Relation of hunger and fullness to CCK
After ingestion of the preloads, there was an inverse relation between plasma CCK concentrations and scores for hunger, and there was a positive relation between plasma CCK concentrations and fullness (Table 2). There was also an inverse relation between energy intake at the buffet meal and plasma CCK at t = 70 min (Table 2).

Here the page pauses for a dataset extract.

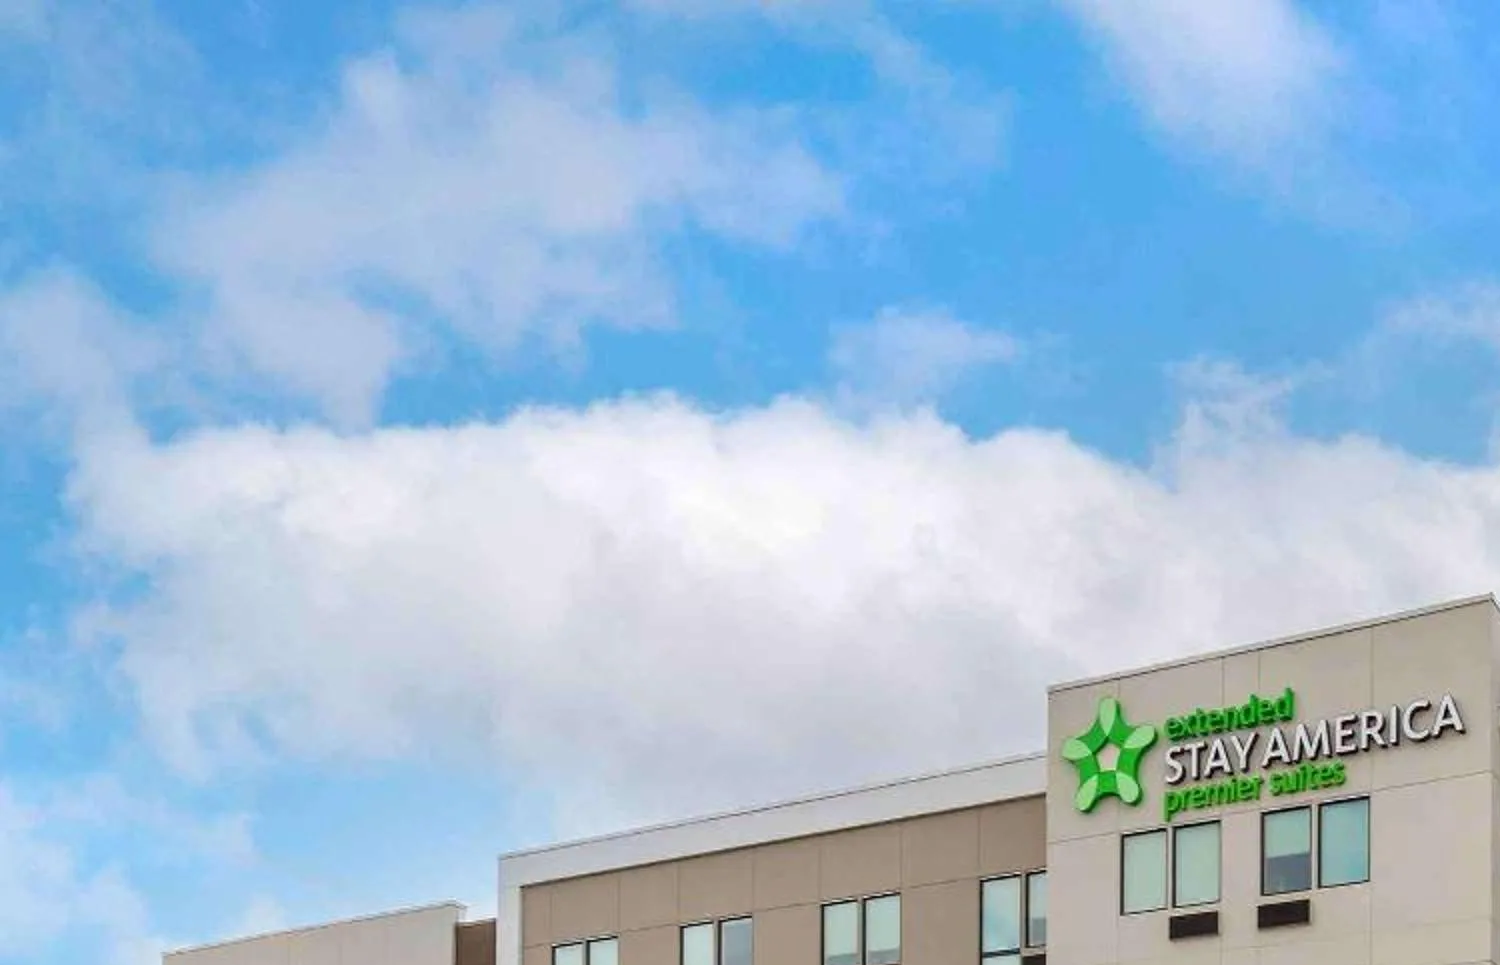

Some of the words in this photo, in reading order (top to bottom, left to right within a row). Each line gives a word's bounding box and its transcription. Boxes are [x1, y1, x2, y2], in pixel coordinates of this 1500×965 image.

Predictors of hunger, fullness, and energy intake
Multiple regression analysis of the combined data showed that both antral area and plasma CCK concentrations at 70 min were predictors of hunger (Table 3). In addition, it showed that antral area at t = 70 min was the only predictor of fullness, and that both antral area at t = 70 min and mean antral area (between t = 10-70 min) were predictors of energy intake (Table 3).


View this table:
TABLE 3. Predictors of energy intake (kcal), hunger, and fullness derived from multiple regression analysis in older (n = 12) and young (n = 12) subjects combined1

 

DISCUSSION  
Our study evaluated the effects of liquid preloads of varied energy content on perceptions of hunger and fullness (satiation), antral area, plasma CCK, and subsequent energy intake (satiety) in healthy young and older adults. We have confirmed (1) that in young adults, antral area, gastric emptying, and energy intake are dependent on the nutrient content of a preload, and satiation is inversely related to antral area (18, 19, 40) and (2) that aging is associated with a reduction in preprandial hunger (2, 3, 7) and an increase in plasma CCK (20–22). New observations after ingestion of a nutrient-containing liquid are that antral area is greater in older subjects than in young subjects who had ingested the same nutrient-containing liquid, hunger is inversely and fullness is directly related to antral area, and the suppression of hunger and energy intake is comparable to that observed in the young. However, arguably the most important observation is that, in both age groups, satiety was related to antral area (and presumably, antral distension), so that preprandial antral area accounted for 34% of the variance in subsequent energy intake.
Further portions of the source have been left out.